● **EXERCISE DIRECTIONS**
The pictures stay out; all of the data is to be printed exactly.

(Image-backed grounding data)
===
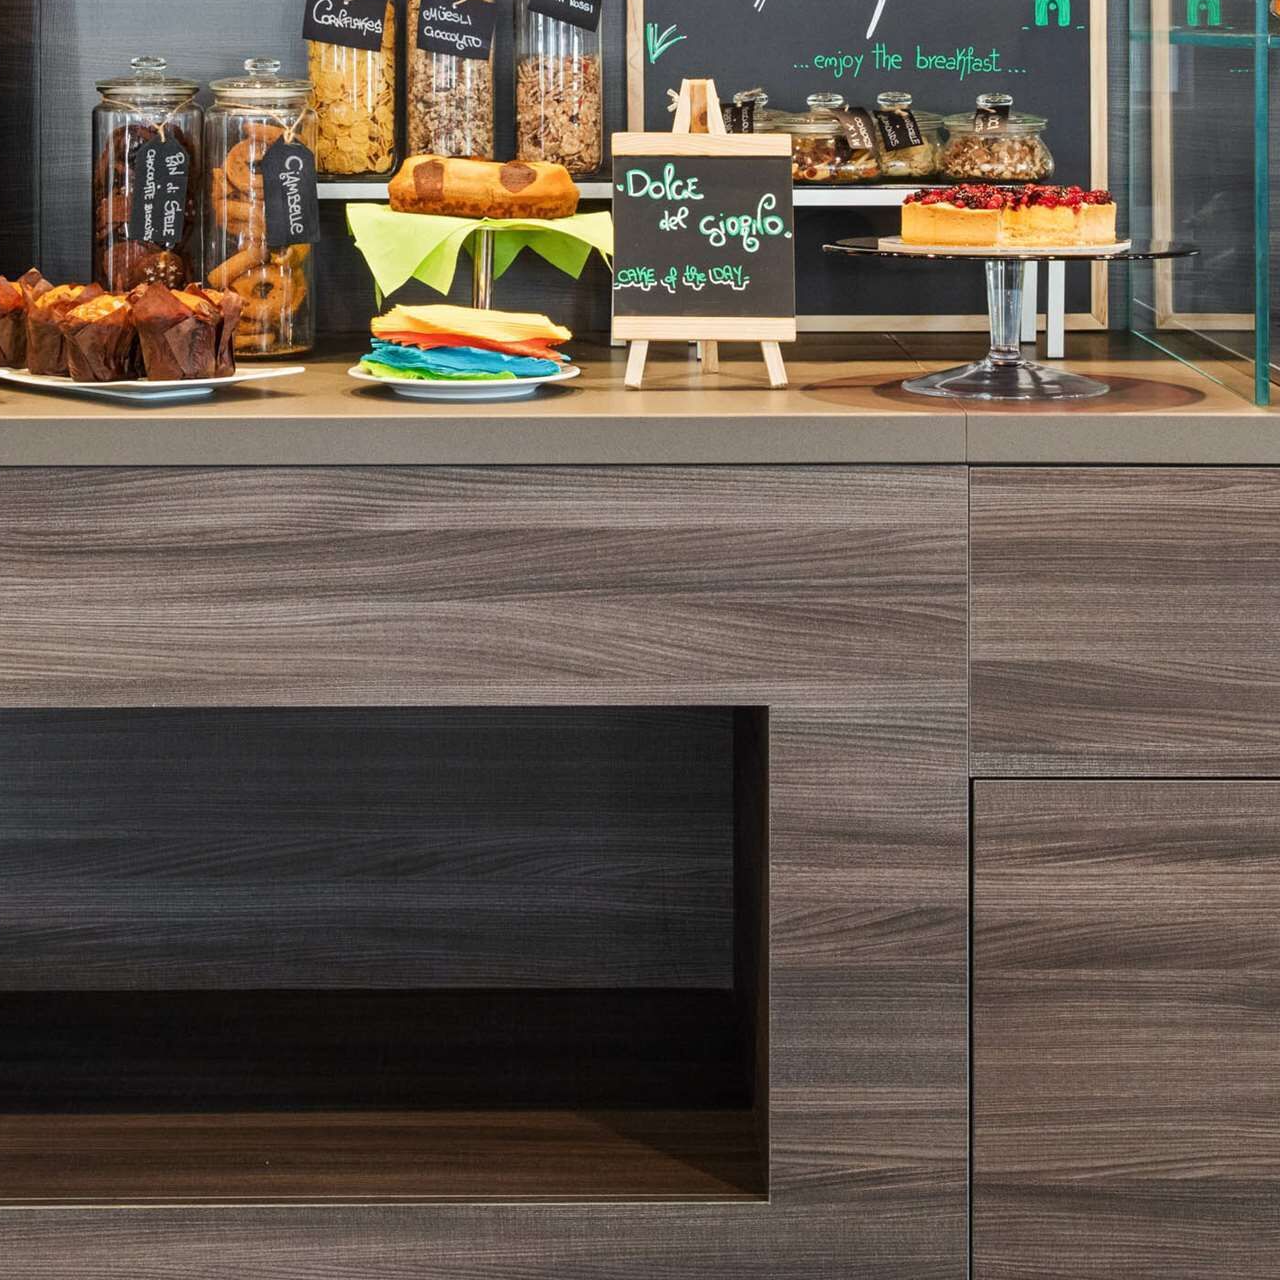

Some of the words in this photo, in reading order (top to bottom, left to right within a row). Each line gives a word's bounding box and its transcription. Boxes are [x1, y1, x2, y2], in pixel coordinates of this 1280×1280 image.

[871, 43, 902, 71] the
[166, 182, 180, 193] di
[659, 206, 689, 231] del
[617, 267, 655, 285] CAKE
[664, 267, 678, 288] of
[684, 265, 707, 285] the
[712, 265, 743, 286] DAY
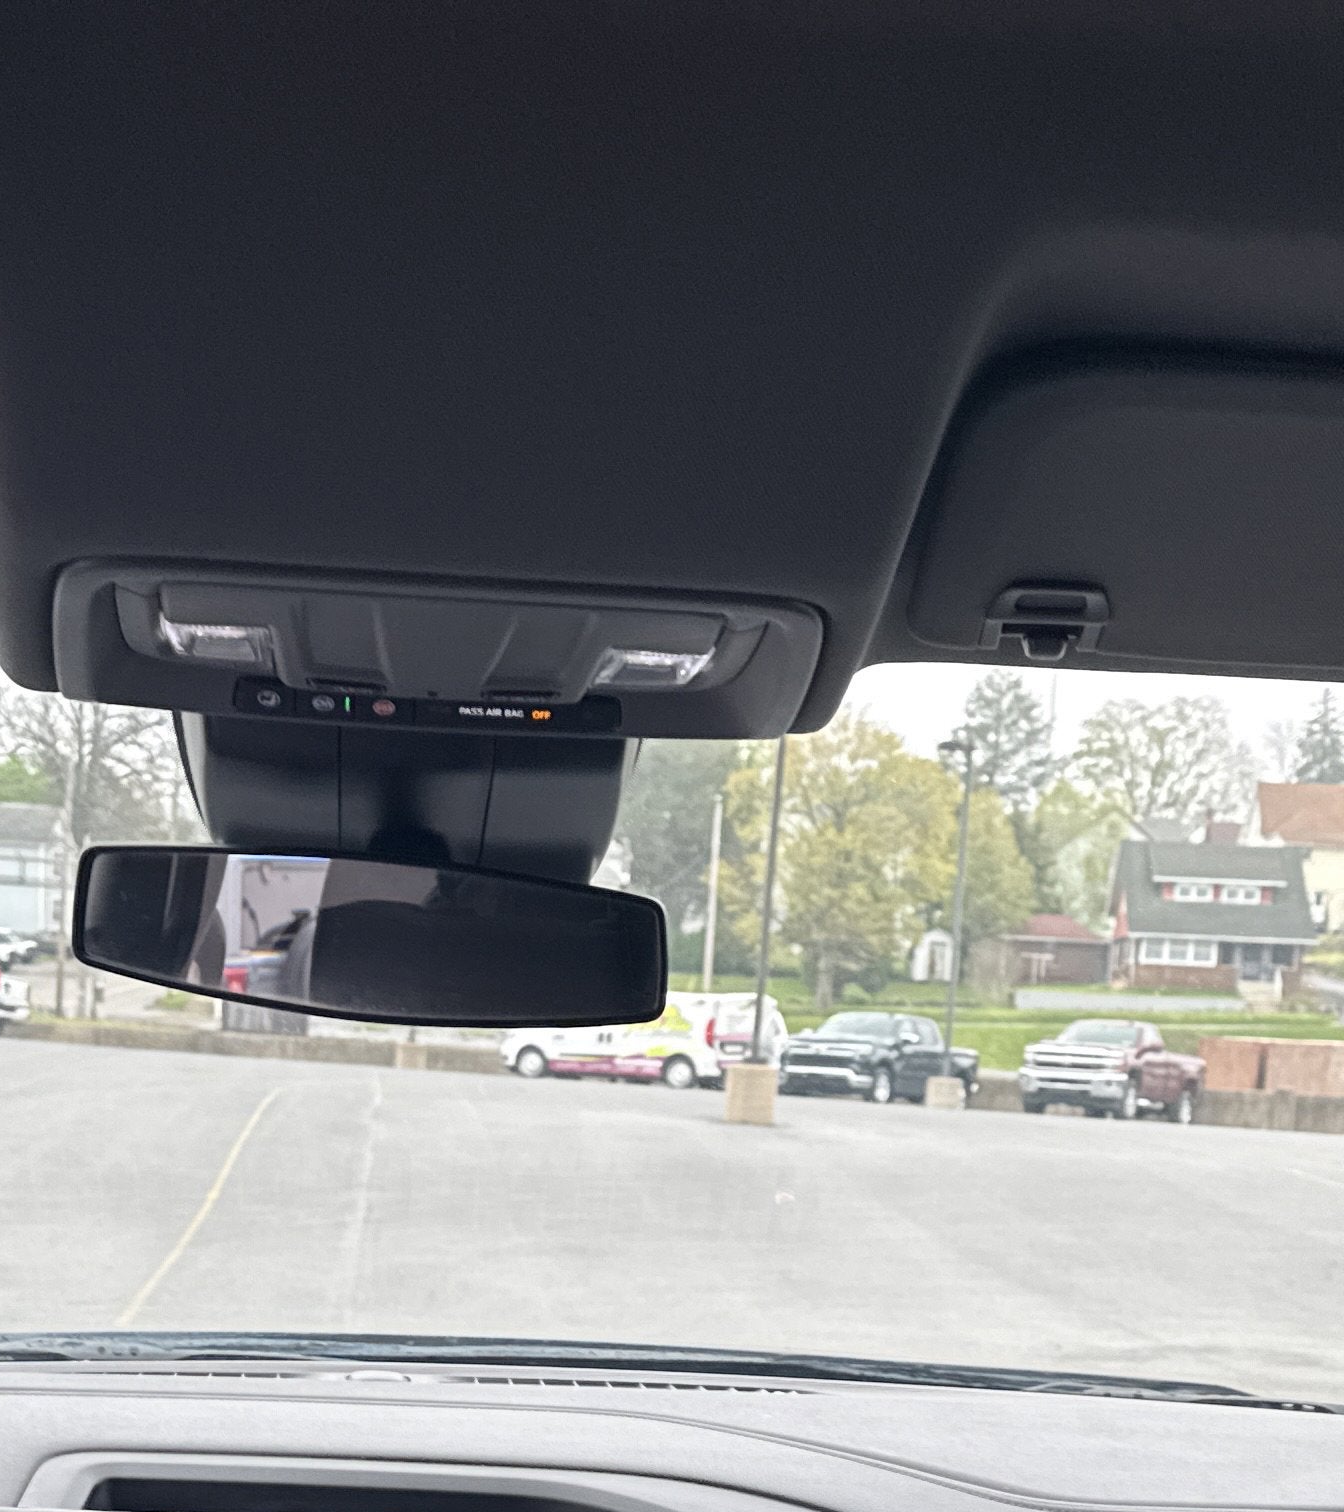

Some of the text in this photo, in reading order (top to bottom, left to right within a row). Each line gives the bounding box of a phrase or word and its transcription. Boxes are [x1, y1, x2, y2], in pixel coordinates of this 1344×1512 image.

[459, 707, 484, 717] PASS
[486, 708, 502, 717] AIR
[532, 710, 551, 720] OFF
===
● **YOUR SOLUTION**
Some of the words in this photo, in reading order (top to bottom, left to right within a row). Each line gives a word's bounding box and its transcription. Boxes are [x1, y1, x2, y2], in pixel coordinates of this 1280×1280 image.

[871, 43, 902, 71] the
[166, 182, 180, 193] di
[659, 206, 689, 231] del
[617, 267, 655, 285] CAKE
[664, 267, 678, 288] of
[684, 265, 707, 285] the
[712, 265, 743, 286] DAY

Some of the text in this photo, in reading order (top to bottom, left to right within a row). Each line gives the bounding box of a phrase or word and its transcription. Boxes are [x1, y1, x2, y2], in pixel coordinates of this 1344×1512 image.

[459, 707, 484, 717] PASS
[486, 708, 502, 717] AIR
[532, 710, 551, 720] OFF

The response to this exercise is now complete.